The Chamberlain Highbury Trust are delighted to have secured Birmingham City Council cabinet approval this month for their request for a grant of £3.5million to support the £11 million restoration of Highbury and its grounds.
Birmingham City Council and the Trust are joint partners in the project to restore the Grade II* listed mansion and grounds that was built by Birmingham’s radical Mayor Joseph Chamberlain in 1878.
Chair of The Chamberlain Highbury Trust David Kidney said:
“We are proud to be at the head of an alliance of local communities, heritage professionals and Birmingham City Council working towards a full and faithful restoration of Joseph Chamberlain’s family home in Moseley. We are assembling the necessary funding to make a success of this ambition project and to make Highbury sustainable, in every sense of the word. We will ensure that all Birmingham’s citizens will be able to benefit from a vibrant visitor attraction and centre for community activities – which is what Joseph Chamberlain’s family always intended.”
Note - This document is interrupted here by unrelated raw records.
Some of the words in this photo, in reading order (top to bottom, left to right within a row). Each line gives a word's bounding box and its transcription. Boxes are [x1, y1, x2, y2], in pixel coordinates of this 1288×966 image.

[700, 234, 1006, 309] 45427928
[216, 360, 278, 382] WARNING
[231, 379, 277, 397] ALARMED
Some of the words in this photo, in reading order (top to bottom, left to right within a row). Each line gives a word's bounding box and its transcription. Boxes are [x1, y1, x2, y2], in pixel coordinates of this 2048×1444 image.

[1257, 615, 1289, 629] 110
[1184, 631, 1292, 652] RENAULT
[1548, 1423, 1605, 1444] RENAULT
Initial estimates for the project were around £8 million but since the National Lottery Heritage Fund awarded funding for development of the project plan in September 2021, inflation, detailed surveys and design works have increased that figure to £11 million.
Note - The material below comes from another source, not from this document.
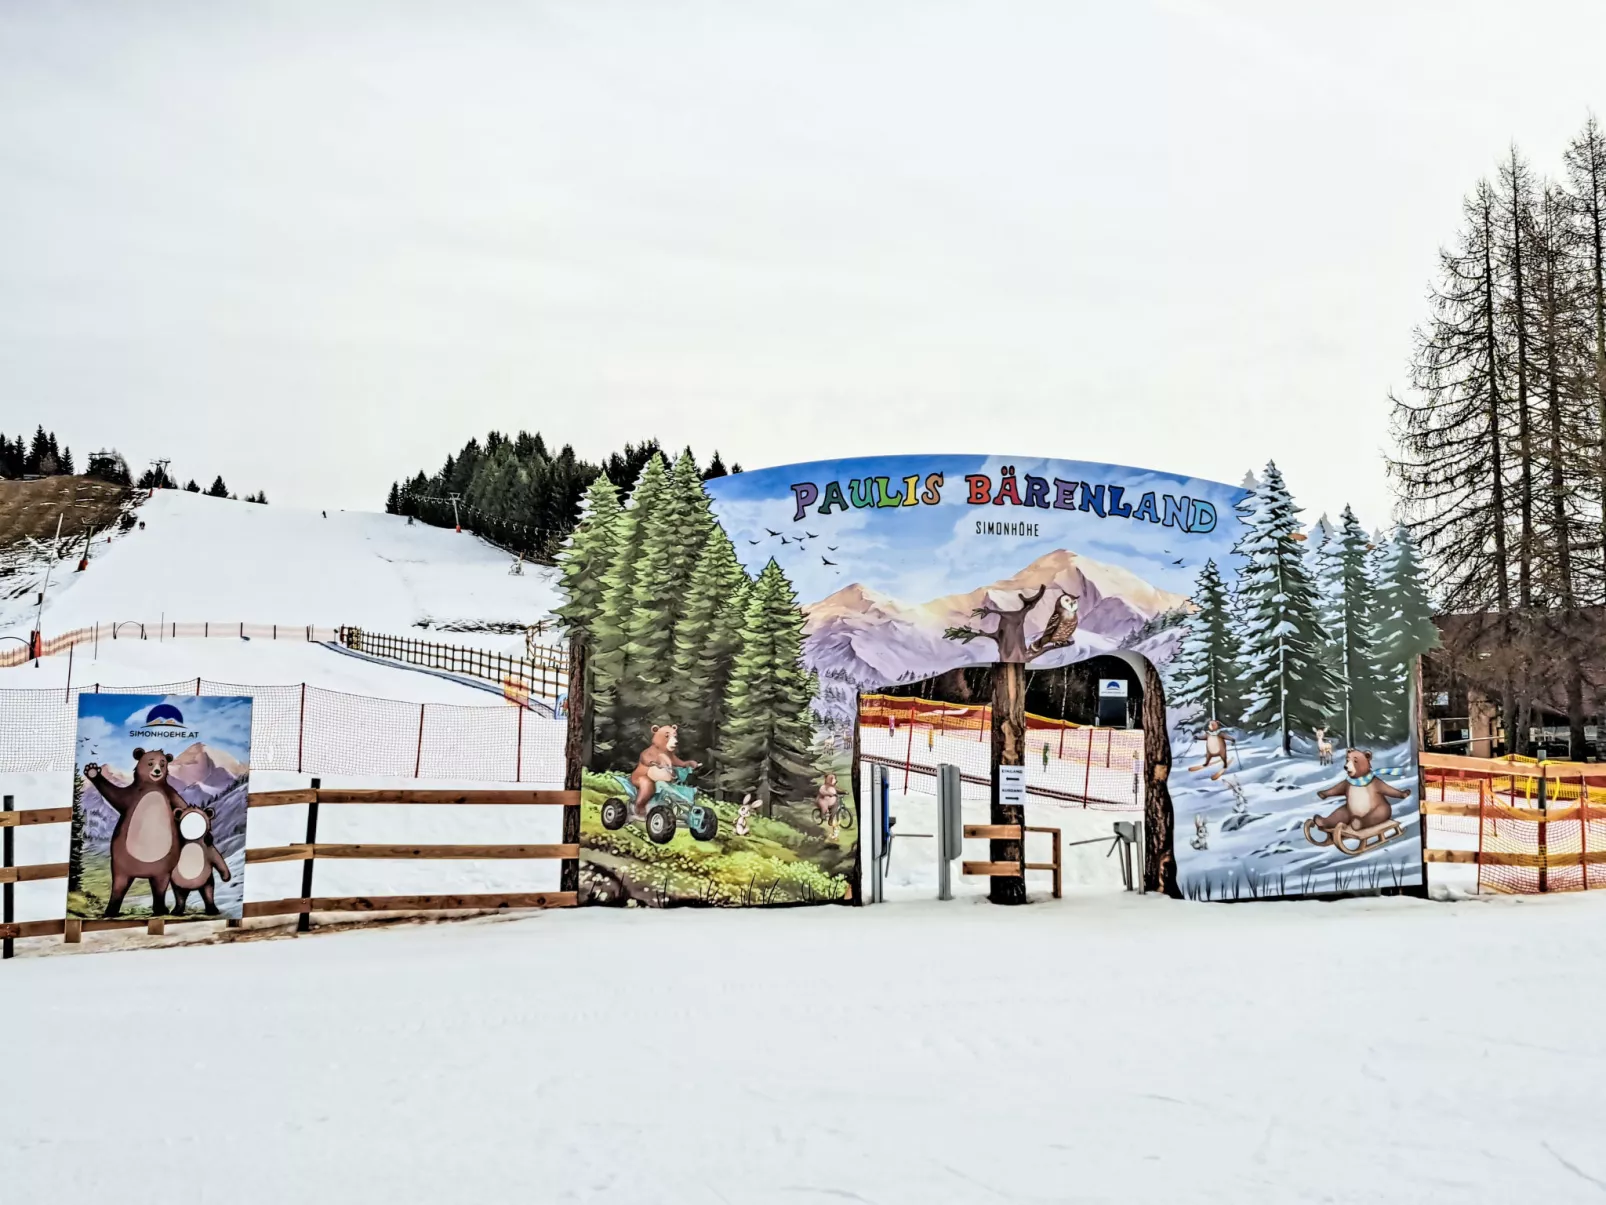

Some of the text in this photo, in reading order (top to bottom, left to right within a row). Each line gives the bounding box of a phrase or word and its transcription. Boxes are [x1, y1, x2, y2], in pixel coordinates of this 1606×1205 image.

[790, 465, 1218, 534] PAULIS BÄRENLAND
[975, 520, 1040, 537] SIMONHÖHE
[129, 730, 200, 739] SIMONHOEHE.AT
The Trust will be submitting its National Lottery Heritage Fund application for £4.6 million in August this year. That funding will be added to the grant of £3.5 million from Birmingham City Council, approximately £1m in property values form the original Highbury Trust and a further £2m from other funding sources.
The mansion was designed by the Birmingham architect J H Chamberlain who also built the Ikon Gallery building and the Birmingham School of Art. The grounds were designed by Edward Milner.
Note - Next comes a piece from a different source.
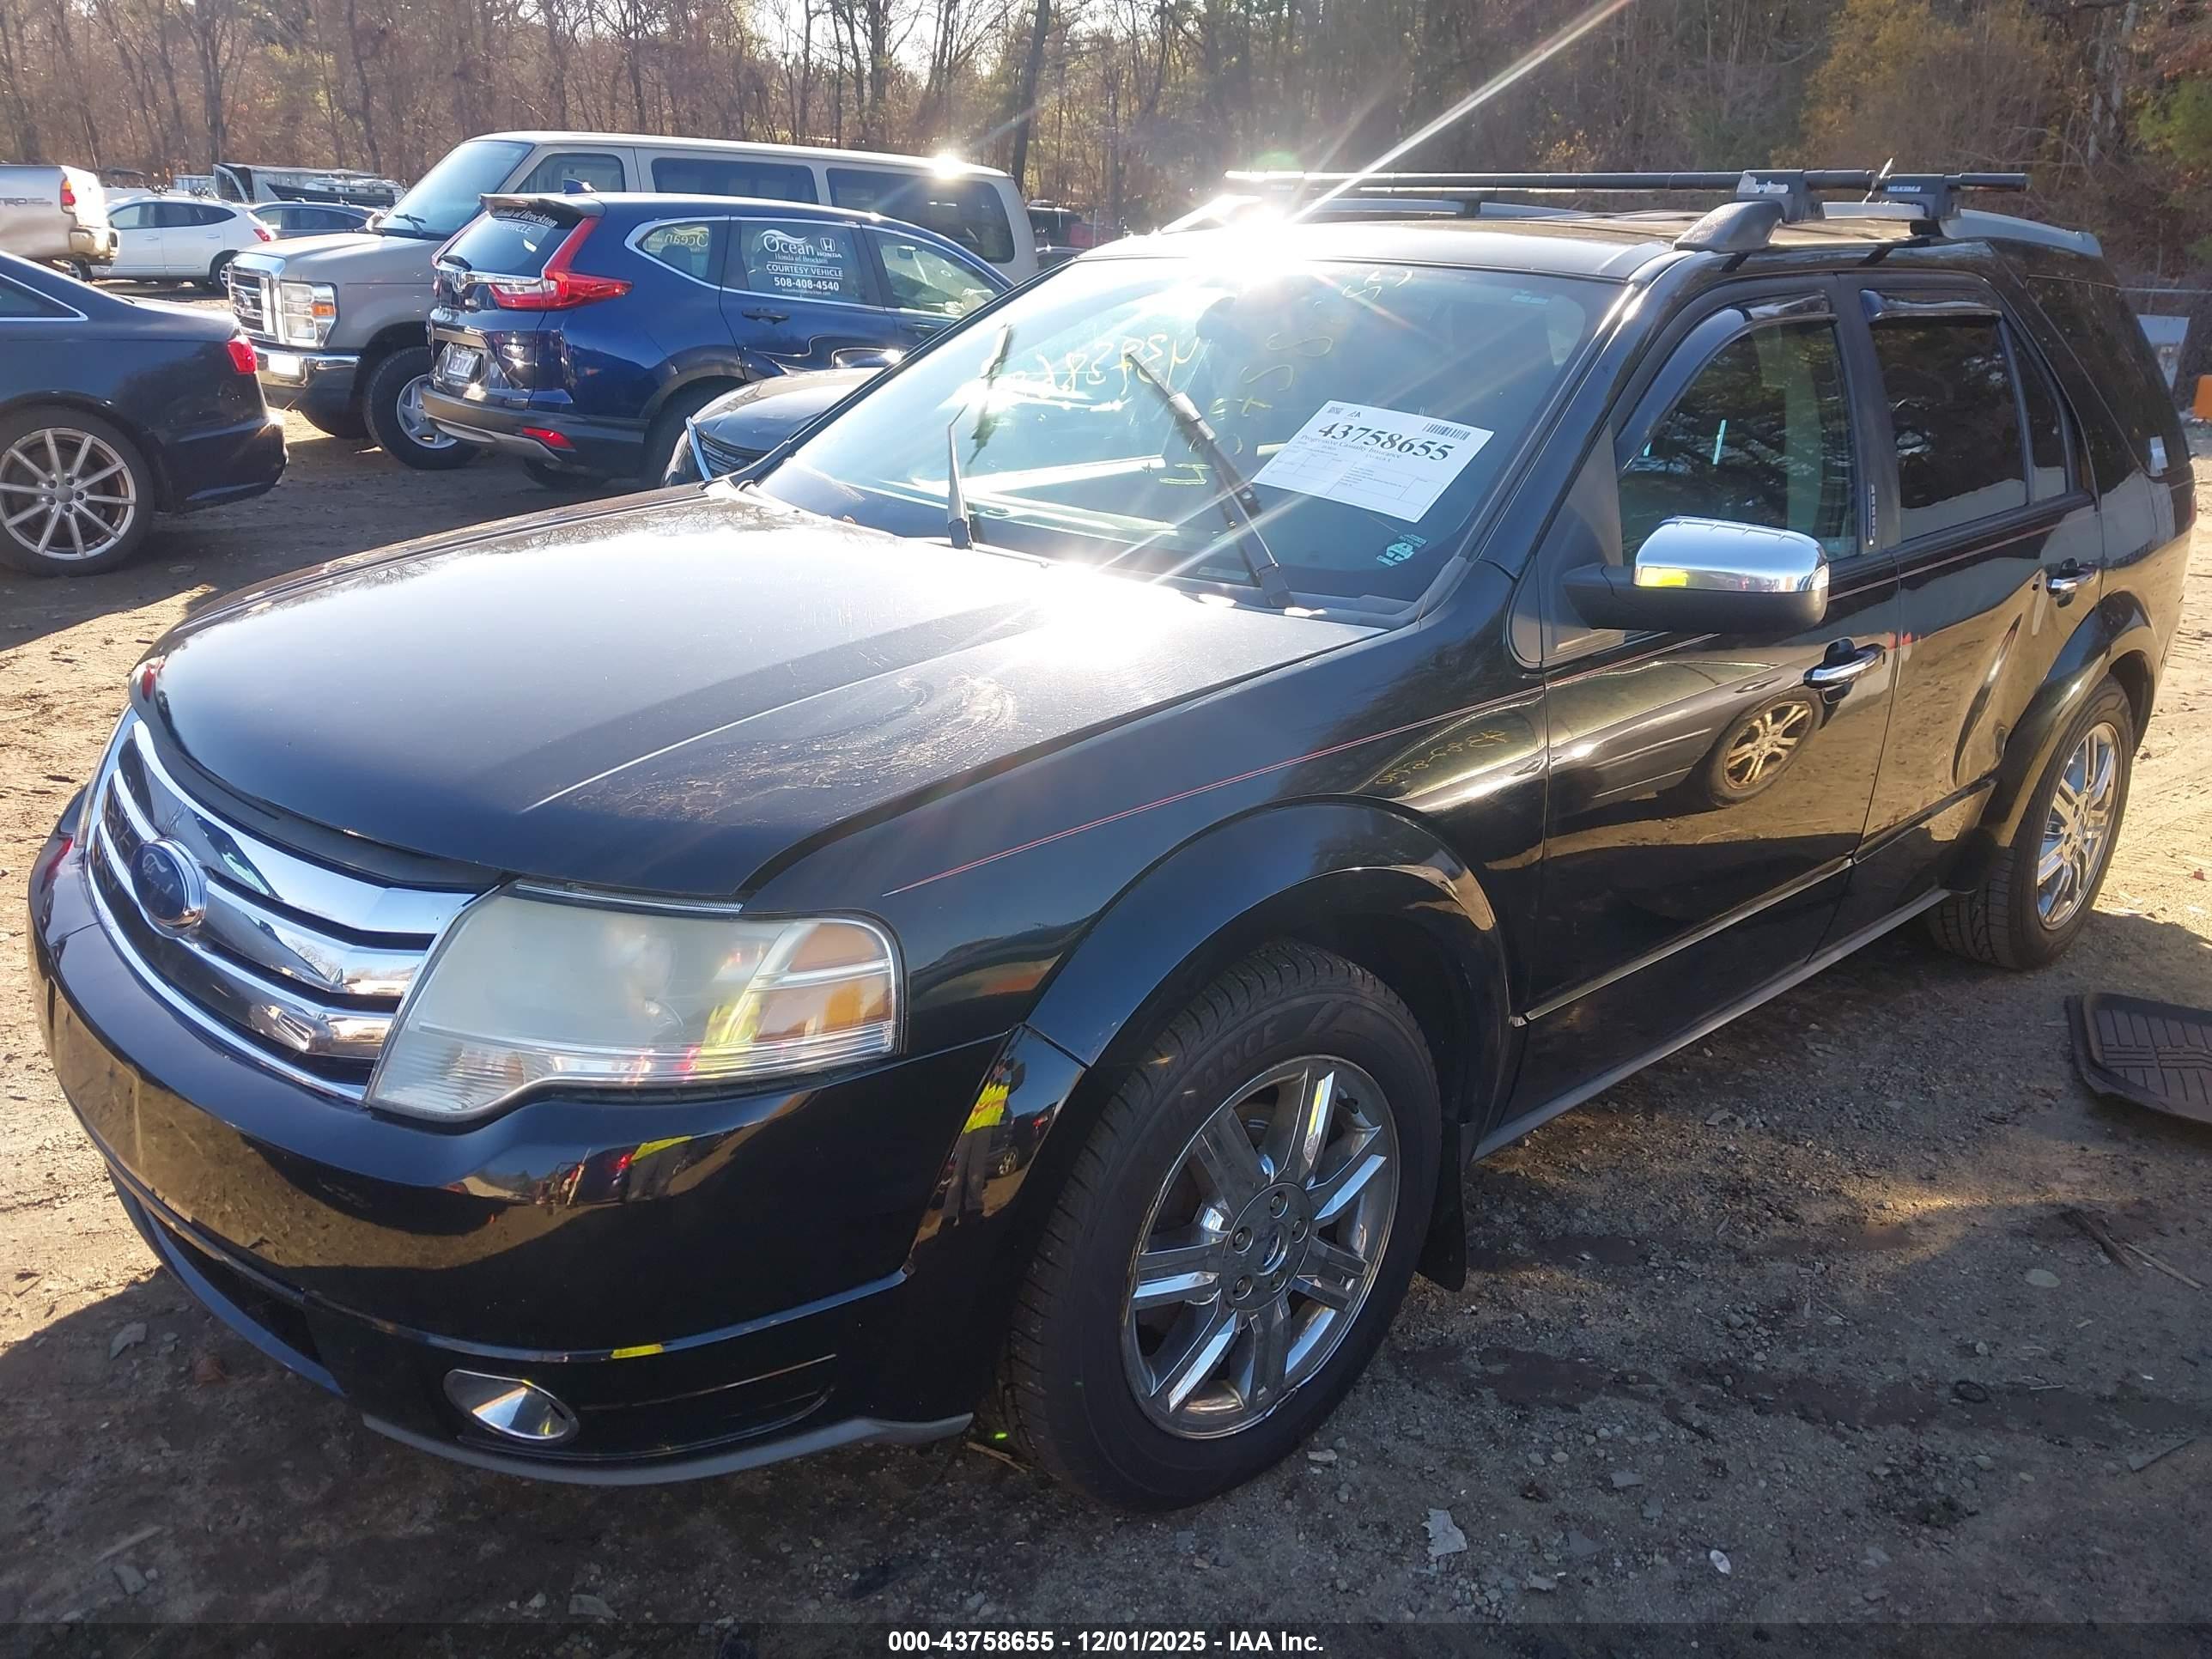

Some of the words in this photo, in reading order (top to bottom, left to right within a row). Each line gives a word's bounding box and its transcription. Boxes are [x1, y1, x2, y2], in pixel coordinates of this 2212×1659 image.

The mansion and grounds have benefitted from the Trust’s continued efforts to protect them from further damage and decay with a successful Council-led £750,000 urgent works project to the roof in 2020. A further £300,000 project in the grounds, completed in 2021, restored the driveway and pathways in the grounds allowing improved accessibility. The Trust’s volunteer workforce of over 50 people carried out a programme of heritage planting alongside these works.
Other funders include Historic England, The Architectural Heritage Fund, Birmingham Heritage, The Grimmitt Trust, The Pilgrim Trust and West Midlands History.
For further information call David Kidney on 07966 378844 or email email@example.com
Built in 1878 Highbury became famous for political and social gatherings where Chamberlain delivered a number of important policy speeches. Winston Churchill visited and said Chamberlain was “the man who made the political weather”. After Chamberlain’s death in 1914, Highbury was used as a hospital for wounded soldiers during World War 1. In 1919 son Austen transferred Highbury to a civic trust for ‘the general benefit of the citizens of Birmingham’. and in 1932 Birmingham City Council took ownership of the property as sole trustee. For the next 50 years Highbury was a care home until in 1984 it was partially restored for civic entertaining and conferences. Today, the aim is to fully restore Highbury as a major visitor attraction, and especially for the communities around it, Kings Heath, Moseley and Stirchley, to accommodate business enterprise, youth leadership training and sustainable development.
About Chamberlain Highbury Trust
The Chamberlain Highbury Trust was formed 6 years ago to lead on this re-purposing. We are a small, young and independent charitable trust, responsible for managing and making accessible the Grade II* listed Venetian Gothic mansion and Grade II listed gardens that form the Highbury estate. The mansion is now weather-proof and we have extended accessibility around the gardens with the benefit of grants from Historic England and the National Lottery Heritage Fund. Now we have big plans for a Lottery-funded complete restoration project to fully deliver on our “public benefit” duty – welcoming more visitors, delivering on our youth leadership education ambition and providing start-up business spaces for local entrepreneurs.
About Joseph Chamberlain
In the 19th Century, Joseph Chamberlain was a towering presence in Birmingham’s political world. As Mayor, he brought huge improvements to water, gas and sewerage services for residents and slum clearance. As a Birmingham MP, he was a radical who pressed for free school education. His home, Highbury, was a hive of political and community activity and he was an incredibly popular, albeit controversial, Member of Parliament.